The Food and Drug Administration (FDA) and the United States Attorney for Massachusetts charged Anne Butkovitz, a clinical study coordinator, with making false statements regarding follow-up safety calls to human subjects enrolled in a recent study. Press Release, U.S. Department of Justice, Clinical Study Coordinator for Pediatric Drug Charged with Fraud (May 25, 2005). According to the Information (the charging document), the researcher was responsible for contacting the parents of children taking an experimental vaccine to inquire about "serious adverse experiences" (SAEs). Information, United States v. Butkovitz, Case No. 05-CR-10128-DPW (D. Ma.) The government alleged that the coordinator never made these contacts but instead falsified records to indicate that contact had been made and that no SAEs had been reported. Id. The U.S. Attorney reported that if Ms. Butkovitz is convicted, she could be imprisoned for five years, serve three years of supervised release, and pay a $250,000 fine. Press Release, U.S. Department of Justice, May 25, 2005.

v. Conclusion

These developments concern three distinct but related areas of research misconduct – Butkovitz was accused of outright fabrication, the Mayo Clinic and Cornell University settled cases alleging improper accounting of research funds, and the Nature study inquired about areas of ethical doubt that may or may not reach the level of a federal crime but are nevertheless alarming given their prevalence. Occurring within weeks of each other and within months of the University of Alabama settling a research fraud case, the University of Vermont settling a research fraud case, and the Department of Health and Human Services publishing new research misconduct rules (all discussed in our earlier memorandum), the emerging trend is clear. The government, whistleblowers, and the media alike are taking a new and robust interest in research fraud. Rules will be interpreted broadly, and investigations will be conducted aggressively.
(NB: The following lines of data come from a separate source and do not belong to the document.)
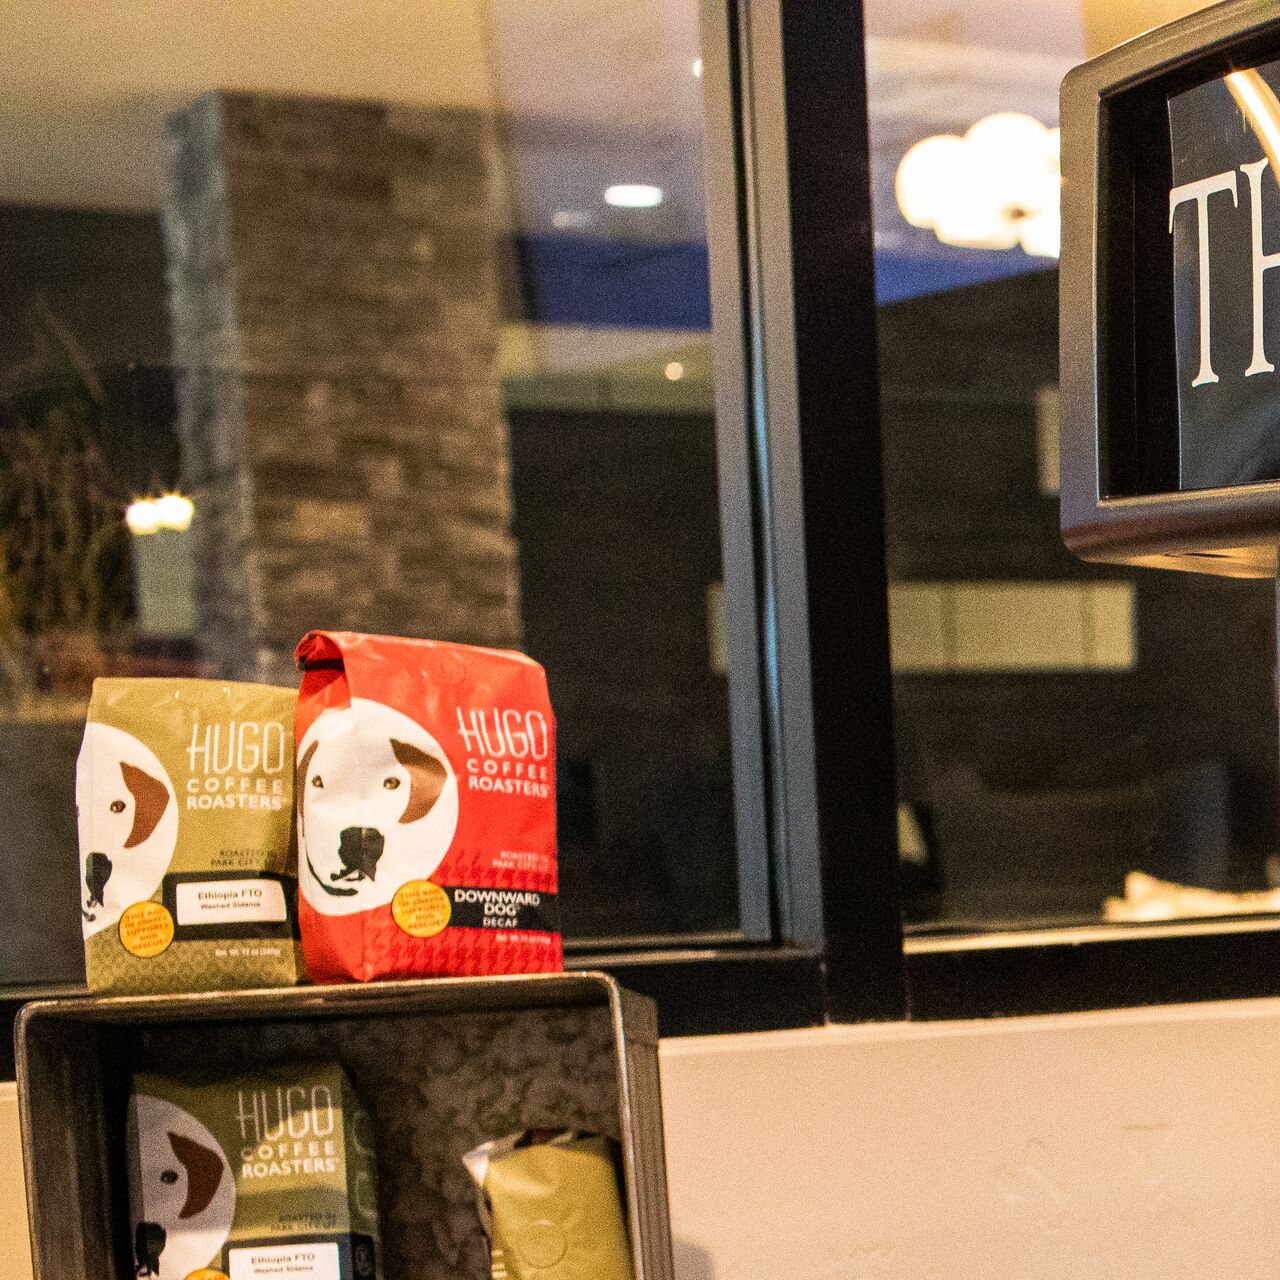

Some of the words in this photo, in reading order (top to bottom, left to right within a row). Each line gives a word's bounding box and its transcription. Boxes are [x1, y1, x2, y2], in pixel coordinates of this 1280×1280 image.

[457, 706, 548, 760] HUGO
[187, 720, 284, 774] HUGO
[467, 759, 548, 779] COFFEE
[187, 777, 282, 796] COFFEE
[469, 777, 548, 798] ROASTERS
[187, 795, 282, 811] ROASTERS
[454, 889, 540, 906] DOWNWARD
[483, 903, 517, 917] DOG
[237, 1085, 335, 1143] HUGO
[242, 1140, 335, 1162] COFFEE
[242, 1158, 336, 1179] ROASTERS
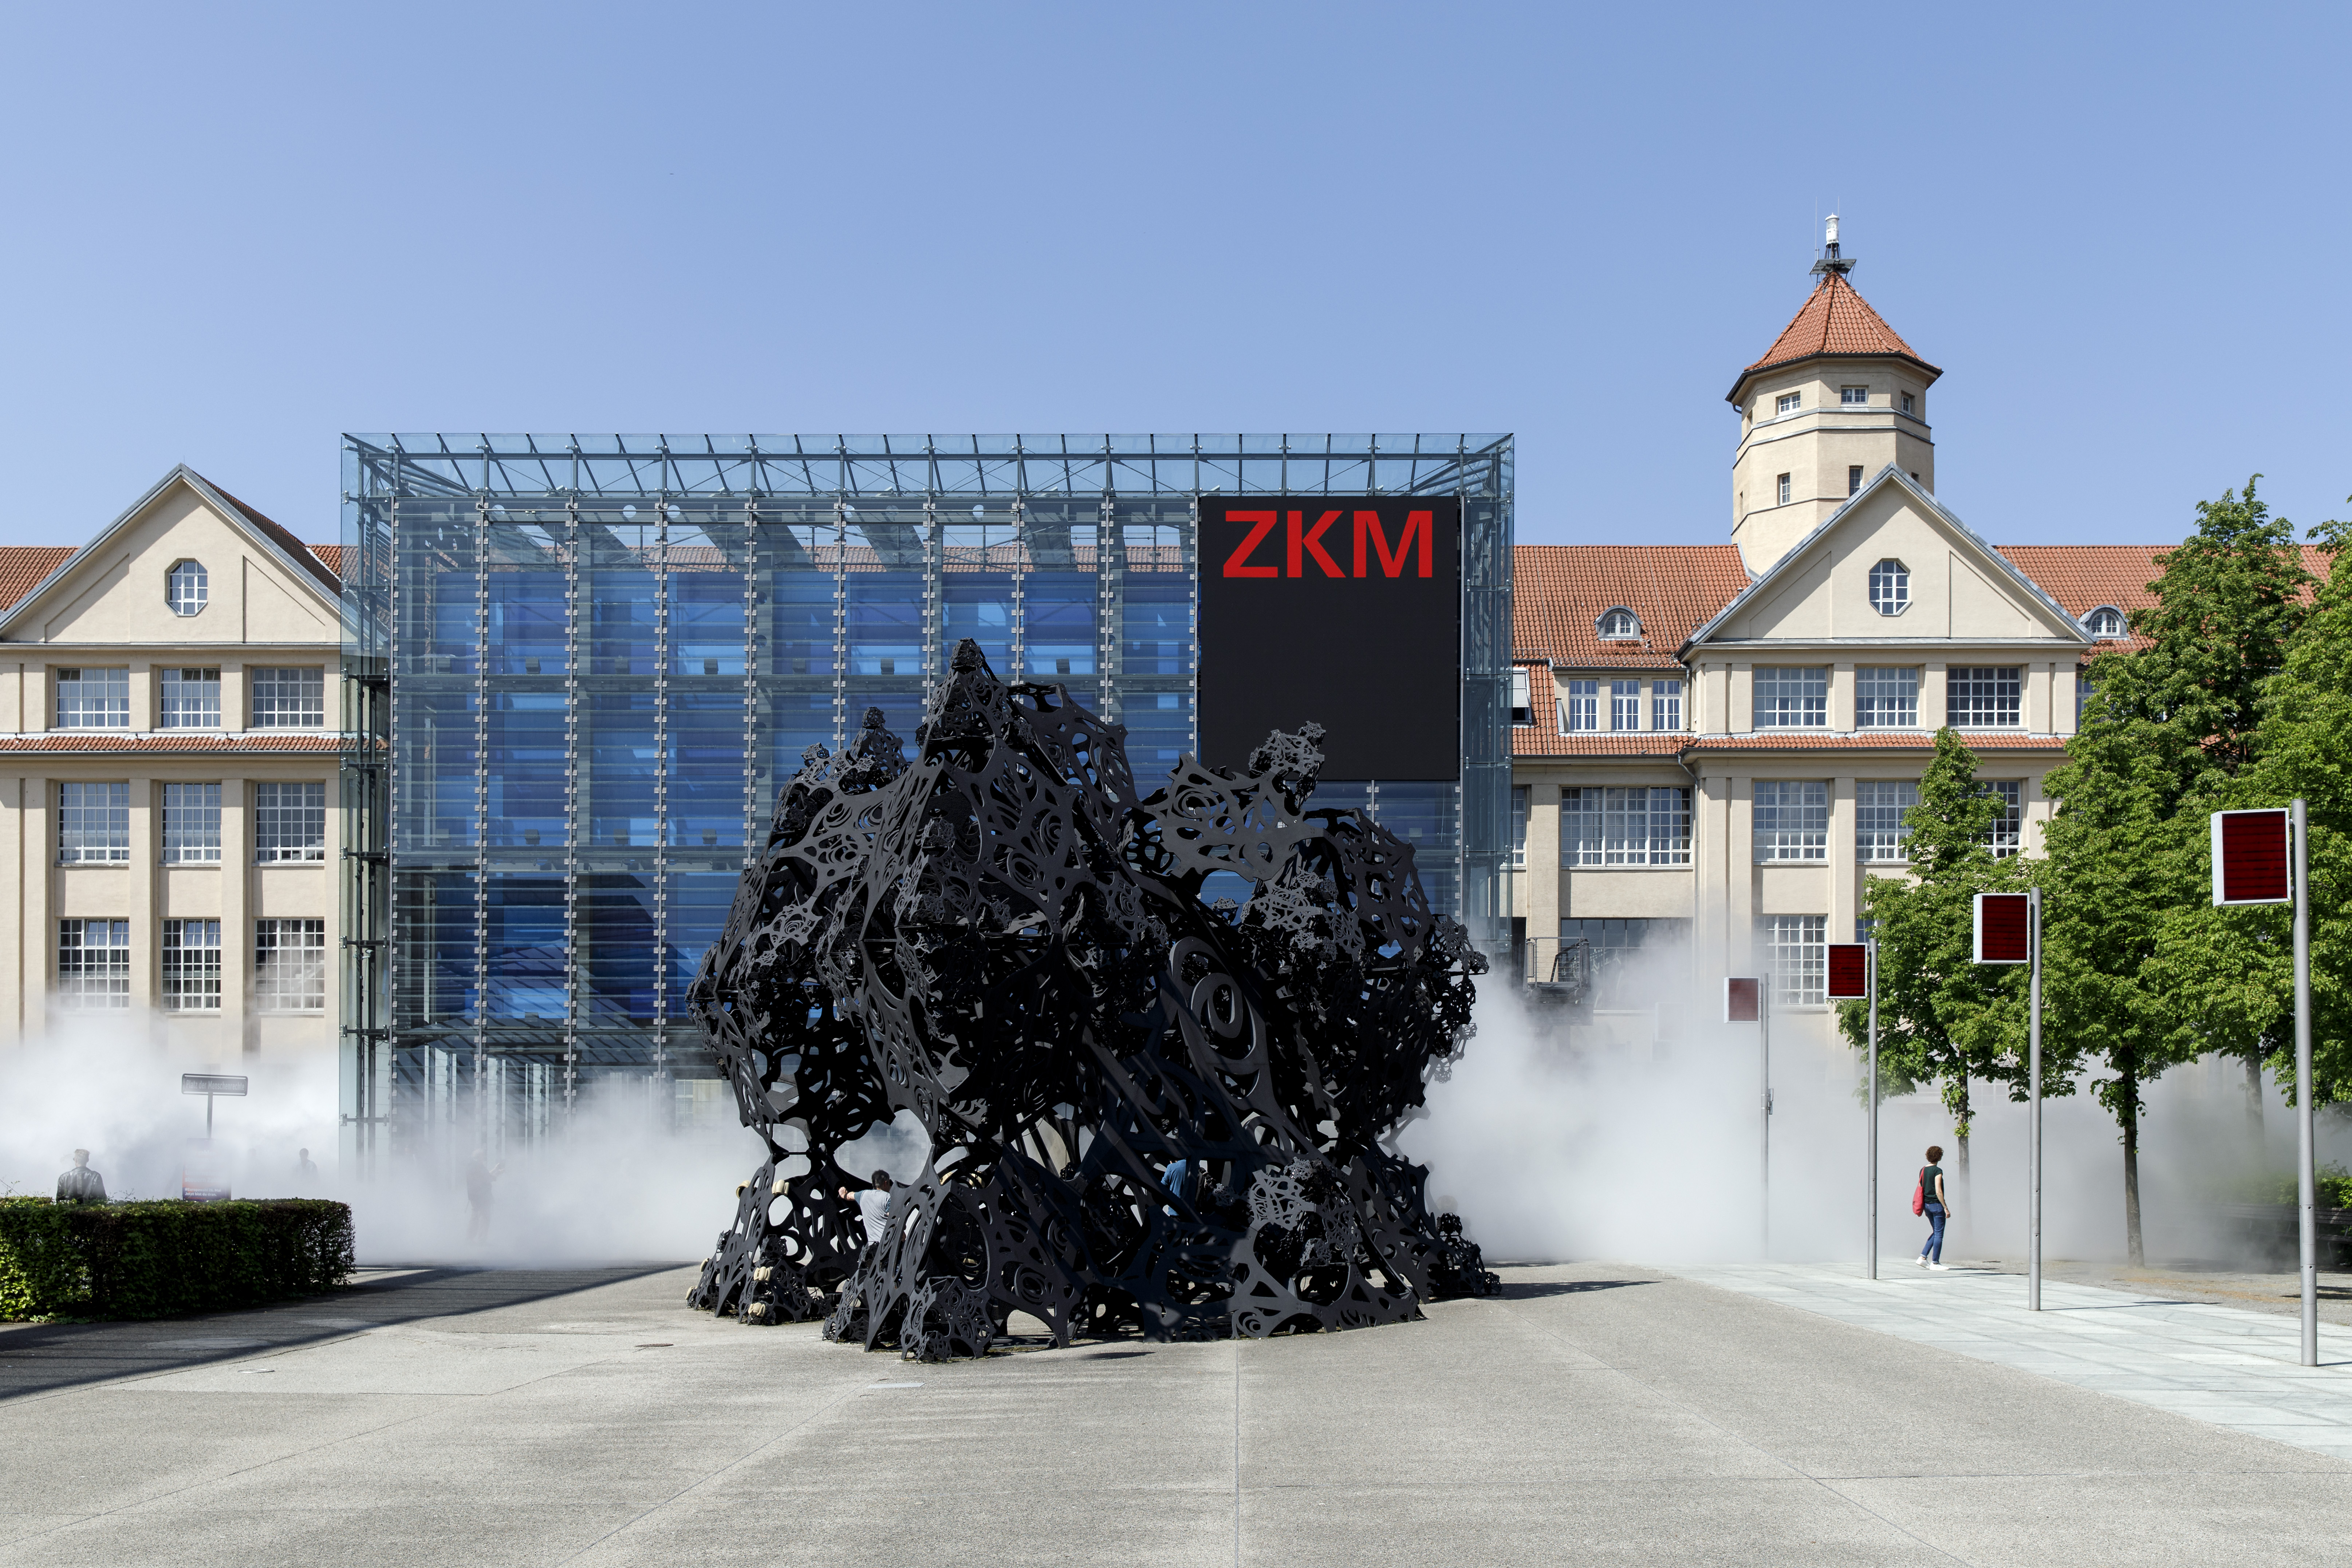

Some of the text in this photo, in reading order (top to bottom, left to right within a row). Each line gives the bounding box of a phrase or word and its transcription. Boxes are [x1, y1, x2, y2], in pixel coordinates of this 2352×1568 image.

[1223, 510, 1433, 578] ZKM
[186, 1080, 198, 1089] Platz
[208, 1081, 245, 1090] Menschenrechte
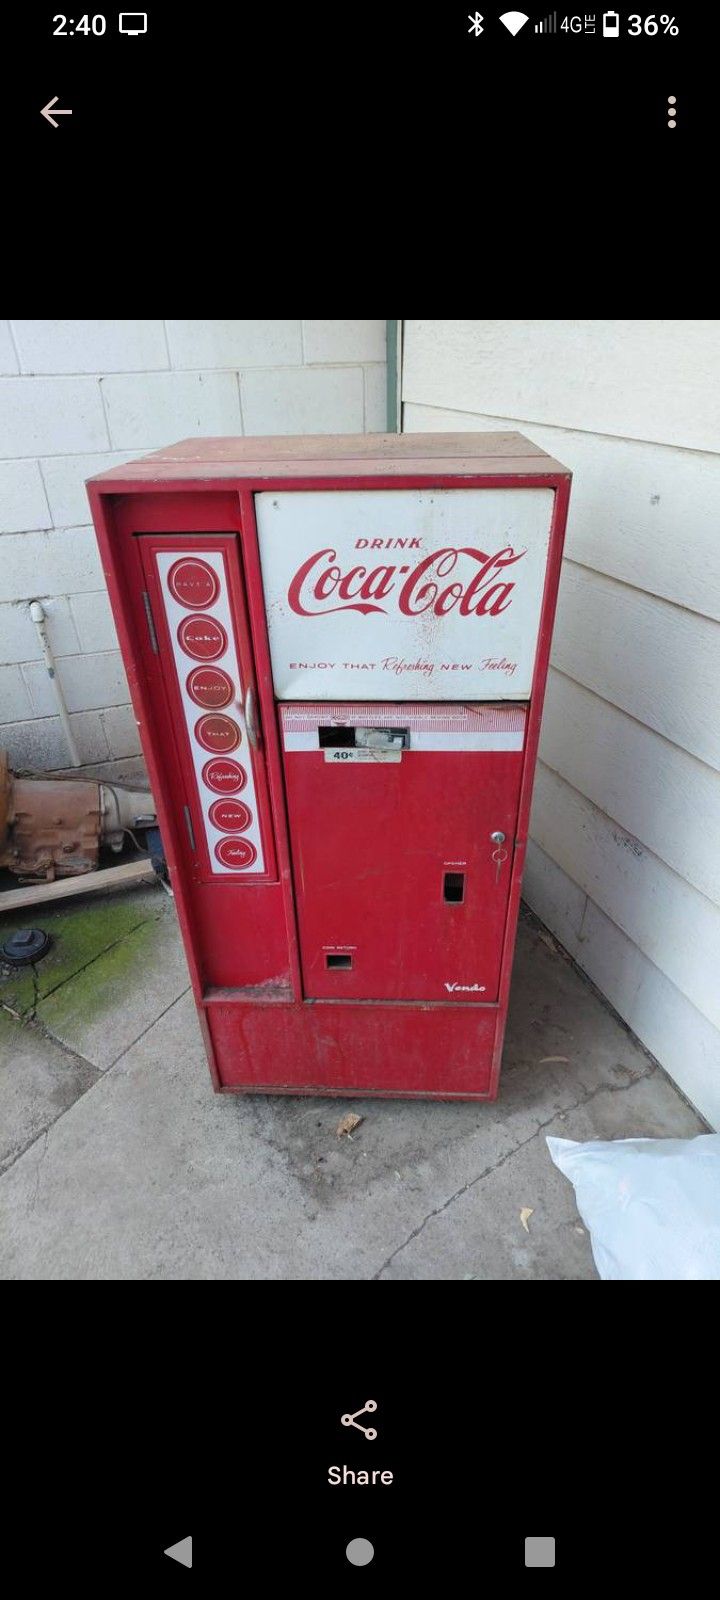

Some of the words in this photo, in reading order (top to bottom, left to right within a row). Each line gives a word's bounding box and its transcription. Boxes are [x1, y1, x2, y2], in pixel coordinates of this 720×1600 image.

[354, 537, 423, 549] DRINK
[288, 547, 528, 617] Coca-Cola
[289, 662, 336, 670] ENJOY
[342, 662, 377, 670] THAT
[381, 656, 435, 676] Refreshing
[440, 663, 473, 671] NEW
[477, 658, 518, 676] Feeling
[210, 772, 239, 782] Refreshing
[444, 981, 487, 993] Vendo
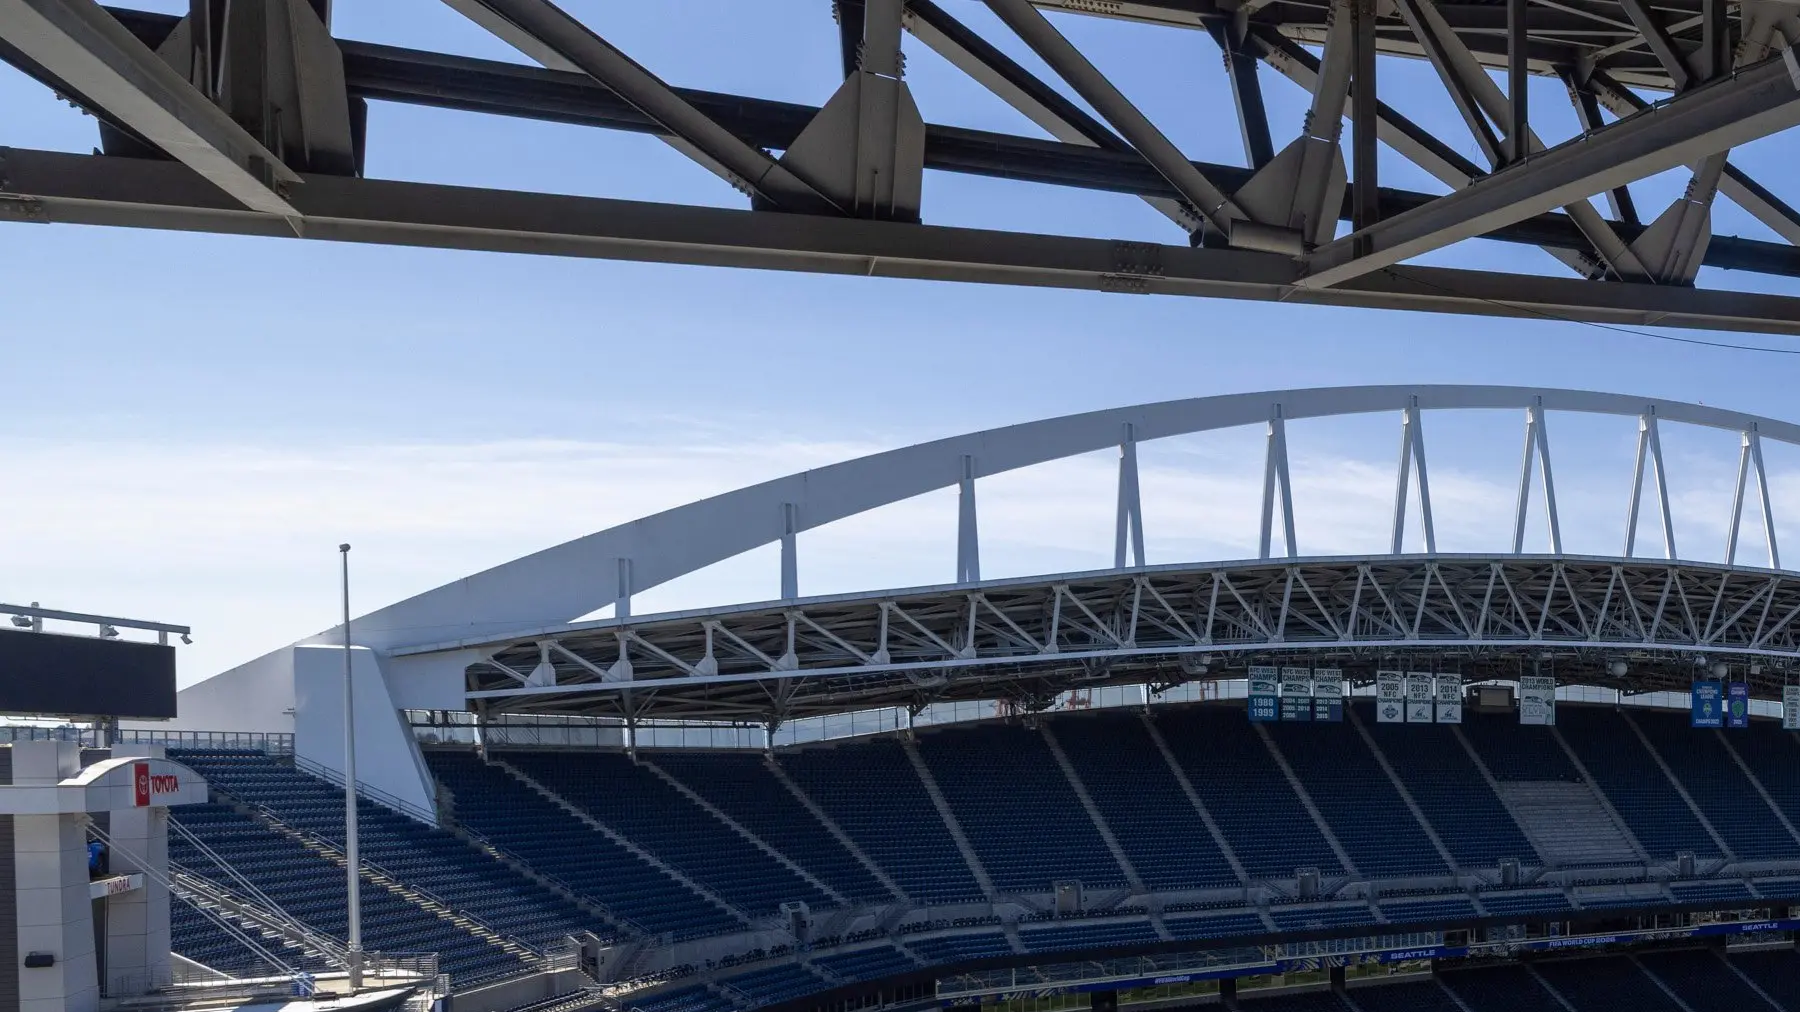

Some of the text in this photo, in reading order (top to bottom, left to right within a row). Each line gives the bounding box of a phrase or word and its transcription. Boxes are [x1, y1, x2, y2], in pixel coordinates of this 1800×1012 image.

In light of these events and the apparent prevalence of ethically questionable activities, institutions that receive federal grants or require federal approval to conduct medical research should take steps to evaluate their internal monitoring and training systems. Furthermore, policies should be carefully reviewed to determine whether any seemingly routine practices could lead to charges of research misconduct; audit procedures should be evaluated to ensure they are rigorous enough to identify individual misconduct; and employees should be trained in appropriate compliance measures. One seemingly innocent policy or one unethical employee can expose the entire company, university, or organization to civil and criminal charges.

Footnotes

1 The memorandum is available on the internet at http://www.reedsmith.com/library/publicationView.cfm?itemid=98672.

This article is presented for informational purposes only and is not intended to constitute legal advice.